Local governments are the biggest target of ransomware attacks in 2020

LONDON, 27th August 2020 – Local government bodies are the most likely target for ransomware cyber attacks, according to new threat spotlight research from Barracuda Networks – the trusted partner and leading provider for cloud-enabled security solutions. The research, which identified and analyzed 71 global ransomware incidents in the last 112 months, found that 44 percent of all observed ransomware attacks in 2020 have been aimed at municipalities.

Worryingly, Barracuda researchers also observed that ransomware attacks facing global education and healthcare institutions are on the rise, in a malicious attempt to capitalize on the coronavirus pandemic. In fact, the percentage of ransomware attacks facing education institutions has more than doubled from 6 percent to 15 percent between 2019 and 2020. Healthcare, however, has seen a 2 percent increase in ransomware attacks, rising from 21 percent of all recorded global attacks in 2019 to 23 percent in 2020.

Logistics-related attacks are also on the rise.
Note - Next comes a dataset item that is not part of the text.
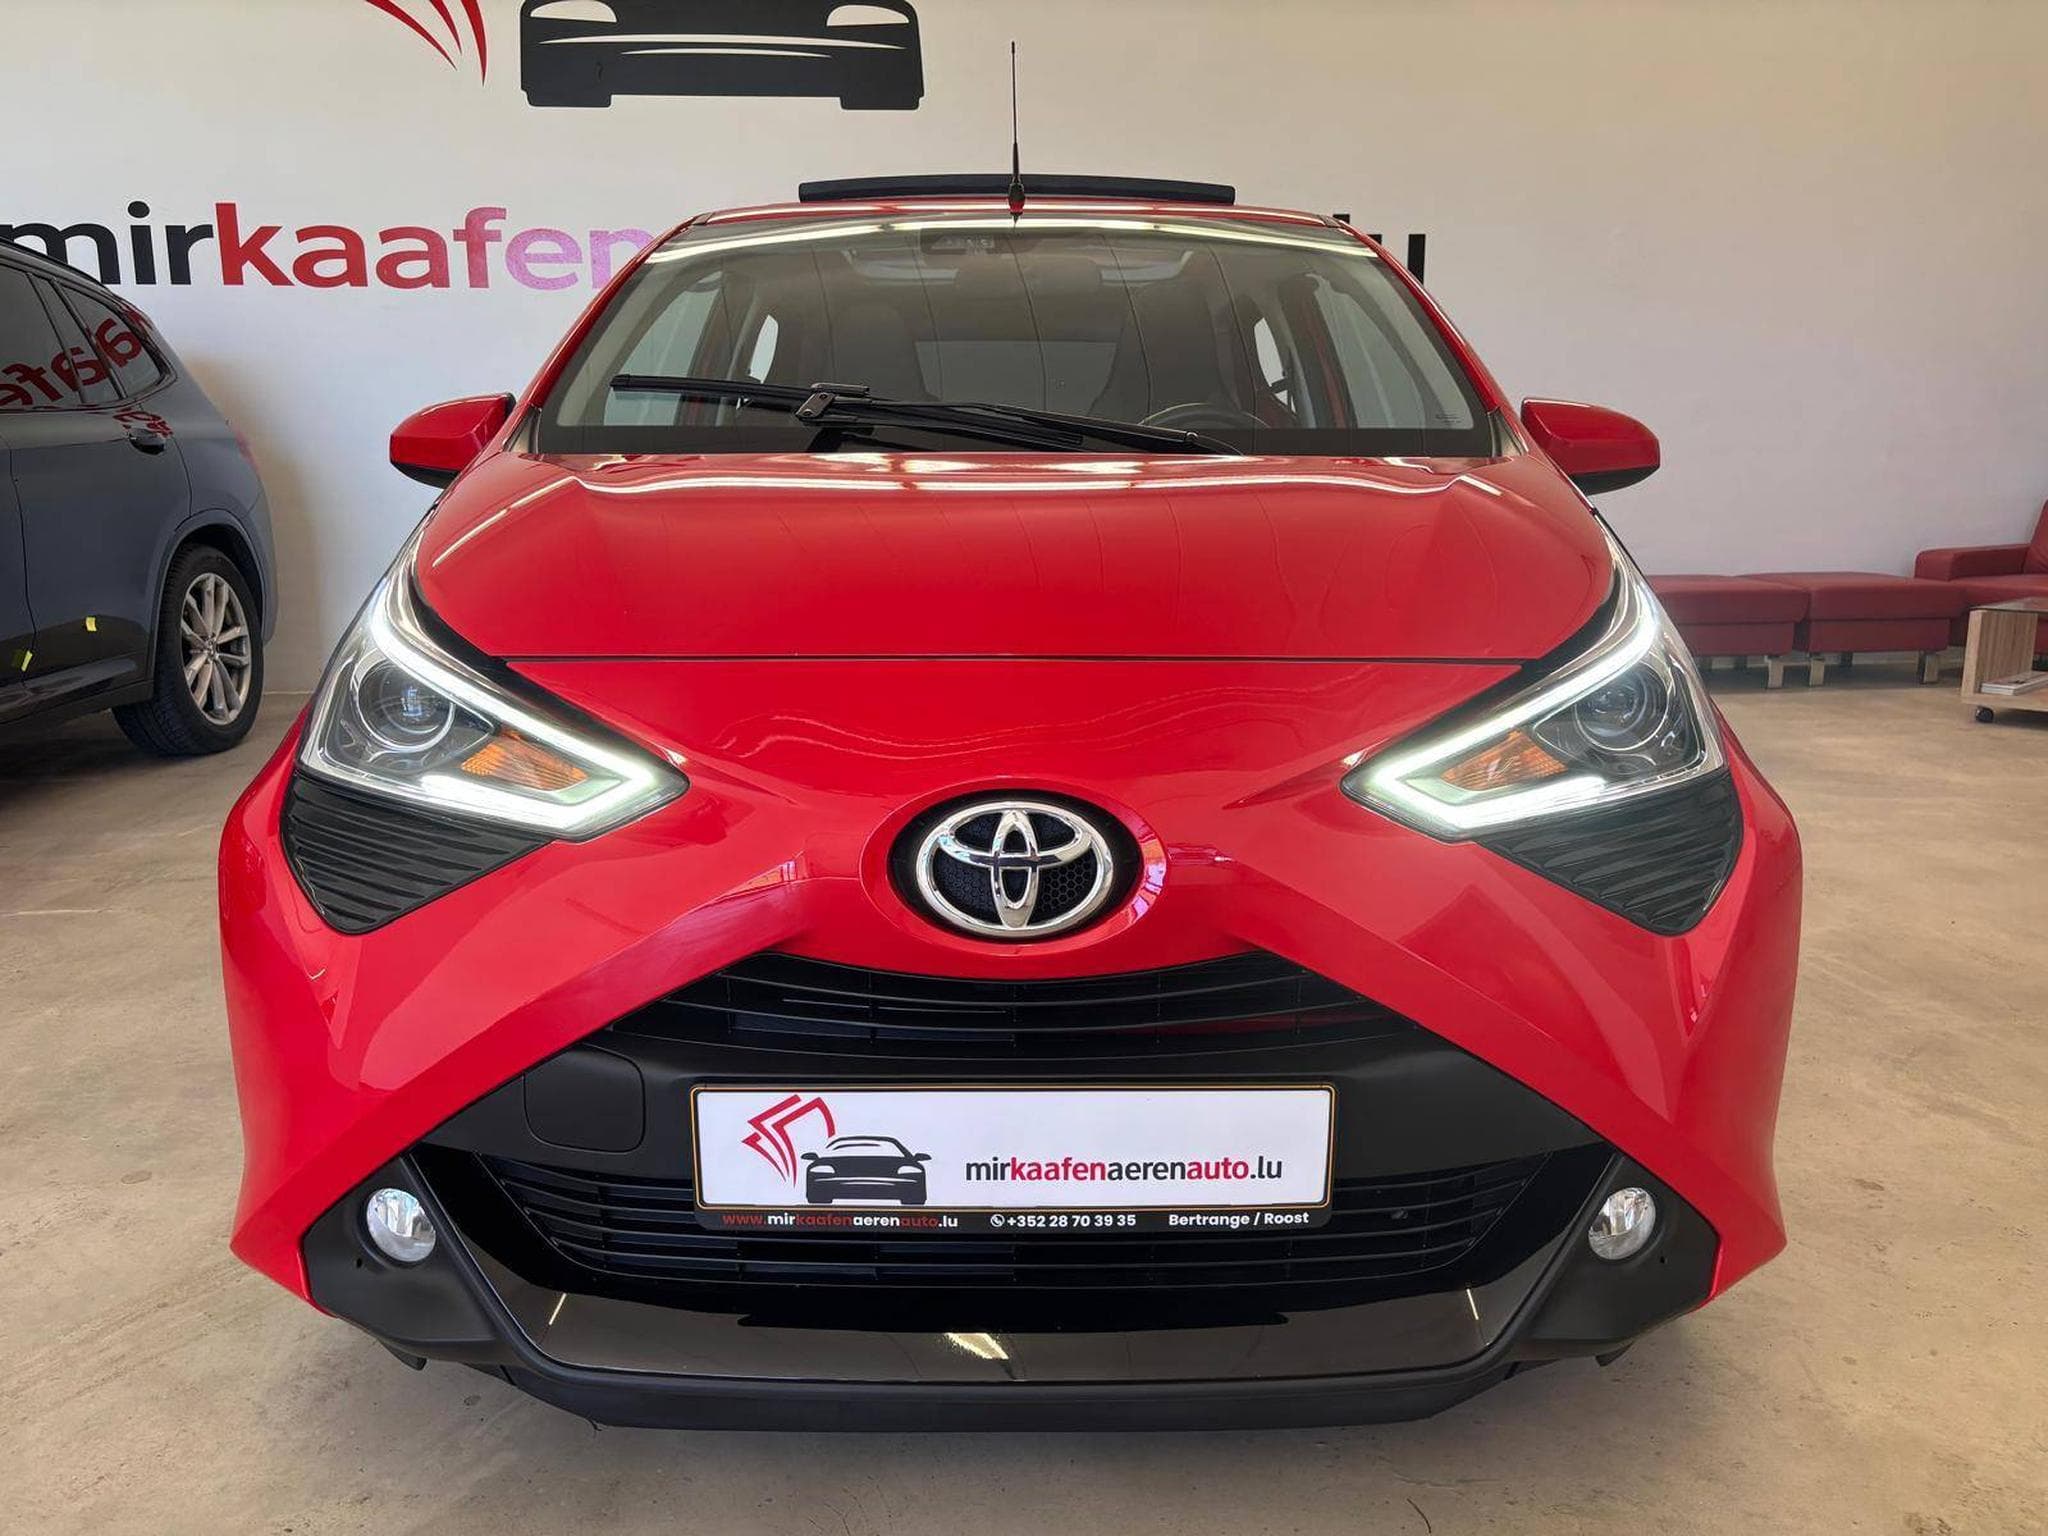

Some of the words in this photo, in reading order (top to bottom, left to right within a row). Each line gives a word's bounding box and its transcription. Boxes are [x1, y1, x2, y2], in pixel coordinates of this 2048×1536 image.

Six notable ransomware attacks were examined since last July. These attacks on logistics companies can seriously hamper the ability to move goods, including medical equipment, personal protective equipment, and everyday products.

Of the cases studied, 14 per cent were confirmed to have paid the ransom, and the average payment was $1,652,66 (roughly £1,260,000).

What’s more, a full 15 percent of the municipalities are confirmed to have made ransomware payments, which is a significant change compared to last year, when almost no local governments paid any ransom. In one prolific example, a ransomware attack on Redcar and Cleveland council’s computer system in the UK, reportedly cost the local authority £10.4 million.

Fleming Shi, CTO for Barracuda Networks, comments:

“The quantity of ransomware attacks facing all types of organizations have been growing rapidly in recent years, having been spurred on by complicated geopolitical circumstances, more recently the coronavirus pandemic, and the fact that ransom payments from corporations and municipalities are becoming more common.

“Combatting this issue requires blocking the threat from the source, using advanced inbound and outbound security techniques that go beyond the traditional gateway. This includes using machine-learning enabled software to close the technical and human error gaps often found in an organization.

“Other techniques such as subscribing to IP blacklists, using advanced firewalls and malware detection, implementing user-awareness training, and utilizing data backup solutions, are all very effective and strongly advised.”

Ransomware attacks involve the use of malicious software, often delivered via an email attachment or URL link, to infest the network and lock an email, data, or other critical files until a ransom is paid. With the pandemic putting millions of workers at home, cybercriminals gained a larger attack surface as the result of the fast and widespread shift to remote work, and the weak security of home networks makes it easier for cybercriminals to compromise them, move laterally to business networks, and launch ransomware attacks.